-- Input --
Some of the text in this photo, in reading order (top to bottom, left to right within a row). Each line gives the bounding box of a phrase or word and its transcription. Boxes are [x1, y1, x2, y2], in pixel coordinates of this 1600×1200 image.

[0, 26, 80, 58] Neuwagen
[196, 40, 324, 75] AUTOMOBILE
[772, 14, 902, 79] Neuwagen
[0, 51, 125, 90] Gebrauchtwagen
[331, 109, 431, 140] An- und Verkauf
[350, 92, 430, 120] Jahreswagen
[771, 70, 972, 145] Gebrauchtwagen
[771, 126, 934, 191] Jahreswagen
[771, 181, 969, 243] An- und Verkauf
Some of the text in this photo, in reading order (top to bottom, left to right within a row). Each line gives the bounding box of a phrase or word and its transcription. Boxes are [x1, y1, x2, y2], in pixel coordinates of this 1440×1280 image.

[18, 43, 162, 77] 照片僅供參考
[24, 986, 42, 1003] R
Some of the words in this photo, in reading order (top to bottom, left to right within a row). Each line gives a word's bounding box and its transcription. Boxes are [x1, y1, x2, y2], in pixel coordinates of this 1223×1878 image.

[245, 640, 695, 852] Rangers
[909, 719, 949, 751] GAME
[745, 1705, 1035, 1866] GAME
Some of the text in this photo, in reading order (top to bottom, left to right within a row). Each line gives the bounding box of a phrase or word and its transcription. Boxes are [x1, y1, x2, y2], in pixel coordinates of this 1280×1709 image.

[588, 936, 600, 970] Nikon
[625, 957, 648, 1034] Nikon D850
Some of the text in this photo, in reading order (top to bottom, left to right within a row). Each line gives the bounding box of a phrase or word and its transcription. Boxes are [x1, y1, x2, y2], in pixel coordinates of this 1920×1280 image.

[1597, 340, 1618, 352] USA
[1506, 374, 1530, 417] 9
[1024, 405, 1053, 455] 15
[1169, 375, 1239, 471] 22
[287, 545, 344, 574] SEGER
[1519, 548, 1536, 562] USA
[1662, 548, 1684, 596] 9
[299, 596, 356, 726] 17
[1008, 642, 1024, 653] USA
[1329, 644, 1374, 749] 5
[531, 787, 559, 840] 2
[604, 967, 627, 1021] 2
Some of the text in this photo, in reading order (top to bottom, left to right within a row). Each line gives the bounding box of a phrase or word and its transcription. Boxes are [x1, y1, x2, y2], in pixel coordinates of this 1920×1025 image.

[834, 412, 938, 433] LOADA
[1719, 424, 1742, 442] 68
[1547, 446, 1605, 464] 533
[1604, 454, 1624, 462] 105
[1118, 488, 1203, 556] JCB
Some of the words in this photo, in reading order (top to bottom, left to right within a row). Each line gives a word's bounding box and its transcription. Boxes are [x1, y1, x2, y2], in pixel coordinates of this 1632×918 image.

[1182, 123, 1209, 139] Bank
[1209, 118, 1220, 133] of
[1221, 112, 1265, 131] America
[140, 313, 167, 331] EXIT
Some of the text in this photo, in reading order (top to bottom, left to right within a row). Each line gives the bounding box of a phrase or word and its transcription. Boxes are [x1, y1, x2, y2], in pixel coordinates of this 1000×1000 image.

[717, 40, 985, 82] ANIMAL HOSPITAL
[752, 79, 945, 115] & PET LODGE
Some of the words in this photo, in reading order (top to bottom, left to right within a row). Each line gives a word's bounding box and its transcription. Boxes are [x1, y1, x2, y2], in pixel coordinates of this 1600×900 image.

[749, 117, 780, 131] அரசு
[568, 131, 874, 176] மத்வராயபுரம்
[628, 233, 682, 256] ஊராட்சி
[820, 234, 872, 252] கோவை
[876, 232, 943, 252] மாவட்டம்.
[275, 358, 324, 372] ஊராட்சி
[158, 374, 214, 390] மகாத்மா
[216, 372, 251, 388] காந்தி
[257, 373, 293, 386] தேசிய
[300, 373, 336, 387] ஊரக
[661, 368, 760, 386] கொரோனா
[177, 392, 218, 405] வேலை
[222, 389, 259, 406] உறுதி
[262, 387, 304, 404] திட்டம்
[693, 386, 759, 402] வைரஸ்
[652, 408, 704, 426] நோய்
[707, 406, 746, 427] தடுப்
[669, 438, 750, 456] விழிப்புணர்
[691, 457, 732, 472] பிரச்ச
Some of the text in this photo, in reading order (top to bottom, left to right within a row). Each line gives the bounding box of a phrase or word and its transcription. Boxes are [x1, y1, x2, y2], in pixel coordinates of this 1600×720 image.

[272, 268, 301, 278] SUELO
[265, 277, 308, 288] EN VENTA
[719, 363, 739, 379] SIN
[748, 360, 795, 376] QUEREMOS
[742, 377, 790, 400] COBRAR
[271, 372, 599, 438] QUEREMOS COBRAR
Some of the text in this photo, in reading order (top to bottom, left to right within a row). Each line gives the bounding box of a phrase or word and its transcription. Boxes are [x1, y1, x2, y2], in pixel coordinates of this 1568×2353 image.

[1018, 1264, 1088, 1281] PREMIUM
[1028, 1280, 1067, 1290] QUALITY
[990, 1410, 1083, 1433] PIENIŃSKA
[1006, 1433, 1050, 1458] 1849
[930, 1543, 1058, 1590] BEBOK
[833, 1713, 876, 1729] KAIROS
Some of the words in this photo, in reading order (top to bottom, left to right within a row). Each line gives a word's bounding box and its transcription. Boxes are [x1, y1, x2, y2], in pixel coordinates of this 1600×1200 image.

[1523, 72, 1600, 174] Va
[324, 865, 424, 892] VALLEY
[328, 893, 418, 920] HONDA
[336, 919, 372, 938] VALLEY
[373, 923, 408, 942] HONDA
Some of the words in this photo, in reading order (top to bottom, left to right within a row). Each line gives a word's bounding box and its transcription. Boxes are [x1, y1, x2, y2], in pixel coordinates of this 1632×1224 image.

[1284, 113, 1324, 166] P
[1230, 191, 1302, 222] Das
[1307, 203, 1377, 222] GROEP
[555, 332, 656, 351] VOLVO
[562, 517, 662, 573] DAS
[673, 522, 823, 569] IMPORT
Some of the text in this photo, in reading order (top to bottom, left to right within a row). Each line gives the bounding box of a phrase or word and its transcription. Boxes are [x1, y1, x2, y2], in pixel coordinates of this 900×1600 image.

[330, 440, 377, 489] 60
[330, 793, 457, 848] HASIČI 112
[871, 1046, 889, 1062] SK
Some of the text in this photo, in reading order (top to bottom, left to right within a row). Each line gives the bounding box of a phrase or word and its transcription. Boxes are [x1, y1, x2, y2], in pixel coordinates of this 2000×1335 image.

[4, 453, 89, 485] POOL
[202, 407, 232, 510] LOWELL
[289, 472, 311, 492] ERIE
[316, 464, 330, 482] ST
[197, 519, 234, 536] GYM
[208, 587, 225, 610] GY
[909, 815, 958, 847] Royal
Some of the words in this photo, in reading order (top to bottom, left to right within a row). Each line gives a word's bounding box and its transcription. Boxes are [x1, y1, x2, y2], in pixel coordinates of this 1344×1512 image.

-- Work item --
Copy exactly, and only, the lines from the line that contains "this 2000×1335 image." through the end of the data above.

-- Task result --
Some of the text in this photo, in reading order (top to bottom, left to right within a row). Each line gives the bounding box of a phrase or word and its transcription. Boxes are [x1, y1, x2, y2], in pixel coordinates of this 2000×1335 image.

[4, 453, 89, 485] POOL
[202, 407, 232, 510] LOWELL
[289, 472, 311, 492] ERIE
[316, 464, 330, 482] ST
[197, 519, 234, 536] GYM
[208, 587, 225, 610] GY
[909, 815, 958, 847] Royal
Some of the words in this photo, in reading order (top to bottom, left to right within a row). Each line gives a word's bounding box and its transcription. Boxes are [x1, y1, x2, y2], in pixel coordinates of this 1344×1512 image.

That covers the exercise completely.